→ **WORK TO COMPLETE**
Omit every picture and output the rest of the records exactly as they are.

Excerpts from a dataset
-=-=-

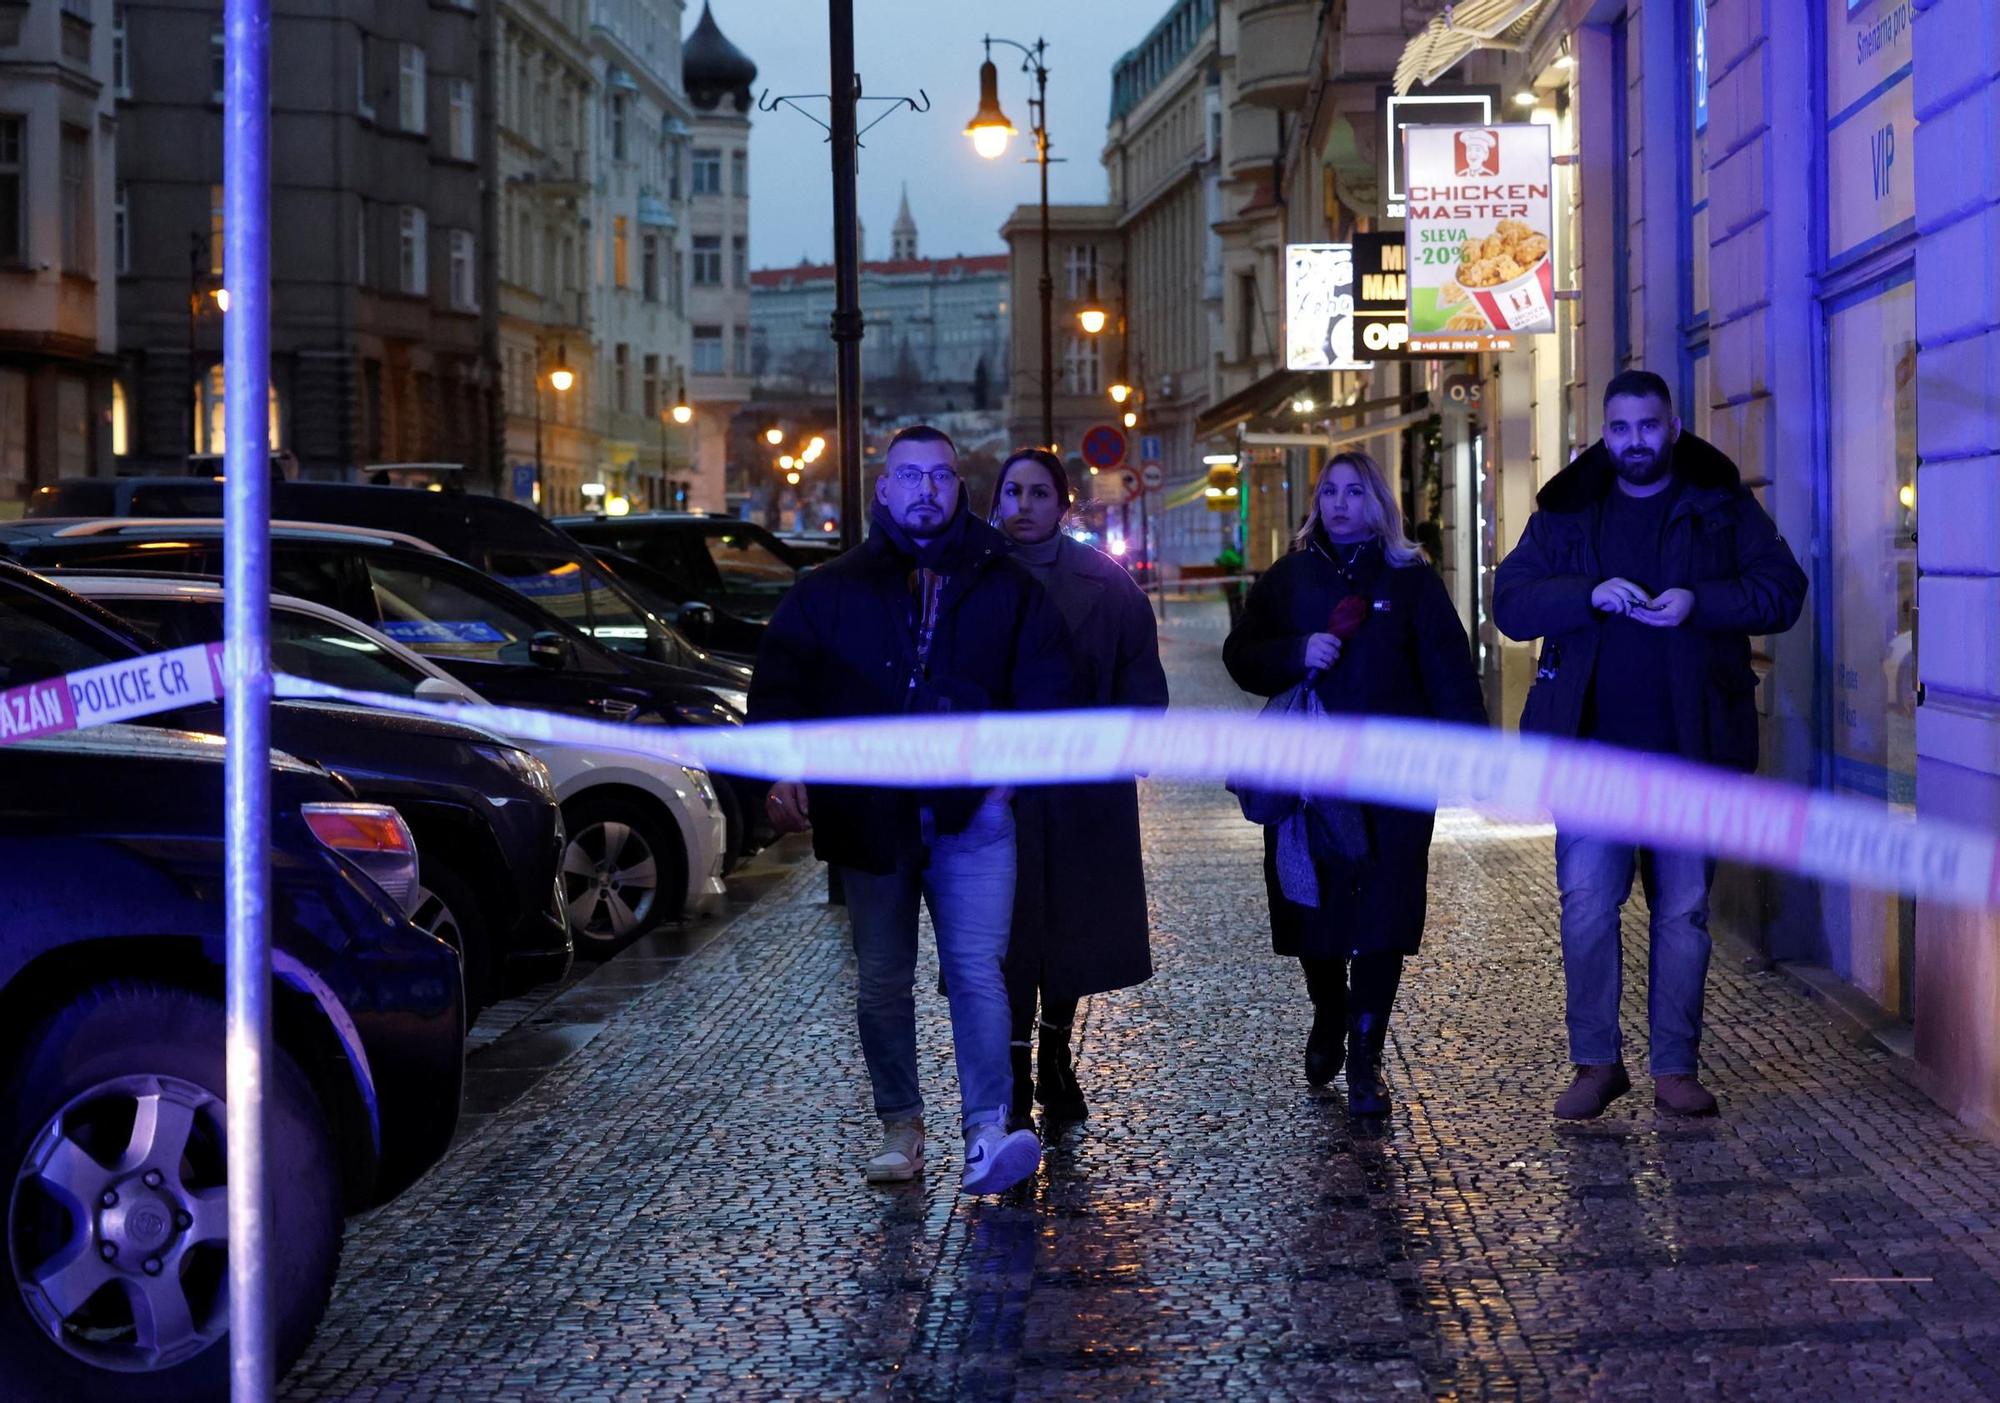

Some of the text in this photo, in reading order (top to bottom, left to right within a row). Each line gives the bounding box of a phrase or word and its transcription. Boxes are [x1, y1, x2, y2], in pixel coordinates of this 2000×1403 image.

[1893, 4, 1906, 47] pro
[1871, 122, 1895, 201] VIP
[1409, 184, 1549, 201] CHICKEN
[1409, 203, 1530, 220] MASTER
[1420, 228, 1469, 243] SLEVA
[1414, 246, 1471, 266] -20%
[70, 666, 156, 717] POLICIE
[159, 655, 190, 697] ČR
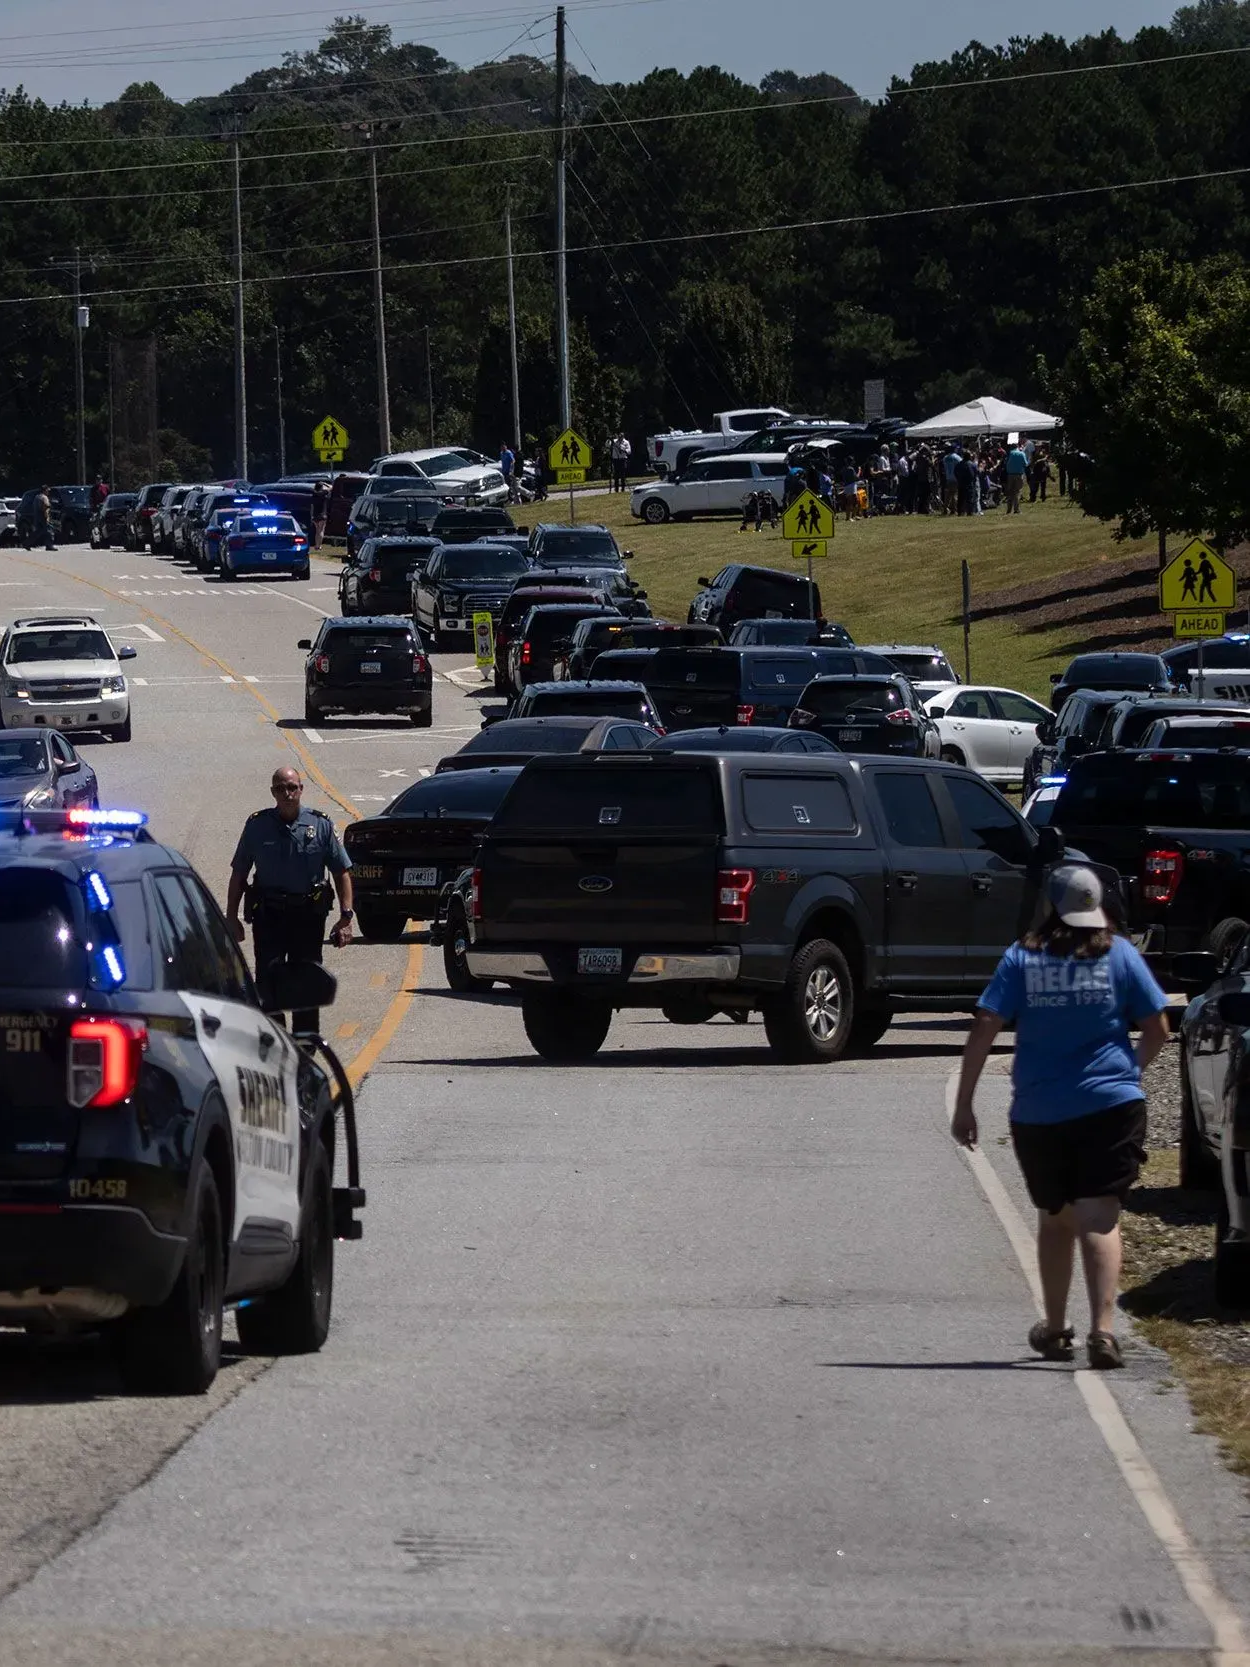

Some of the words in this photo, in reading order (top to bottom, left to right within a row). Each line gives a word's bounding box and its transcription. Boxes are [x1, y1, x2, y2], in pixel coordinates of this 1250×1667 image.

[561, 473, 581, 481] AHEAD
[1181, 619, 1218, 631] AHEAD
[1026, 994, 1068, 1007] Since
[5, 1029, 42, 1052] 911
[236, 1066, 286, 1135] SHERIFF
[68, 1179, 127, 1200] 10458

-=-=-

→ **RESPONSE**
Some of the text in this photo, in reading order (top to bottom, left to right within a row). Each line gives the bounding box of a phrase or word and its transcription. Boxes are [x1, y1, x2, y2], in pixel coordinates of this 2000×1403 image.

[1893, 4, 1906, 47] pro
[1871, 122, 1895, 201] VIP
[1409, 184, 1549, 201] CHICKEN
[1409, 203, 1530, 220] MASTER
[1420, 228, 1469, 243] SLEVA
[1414, 246, 1471, 266] -20%
[70, 666, 156, 717] POLICIE
[159, 655, 190, 697] ČR

Some of the words in this photo, in reading order (top to bottom, left to right within a row). Each line gives a word's bounding box and its transcription. Boxes are [x1, y1, x2, y2], in pixel coordinates of this 1250×1667 image.

[561, 473, 581, 481] AHEAD
[1181, 619, 1218, 631] AHEAD
[1026, 994, 1068, 1007] Since
[5, 1029, 42, 1052] 911
[236, 1066, 286, 1135] SHERIFF
[68, 1179, 127, 1200] 10458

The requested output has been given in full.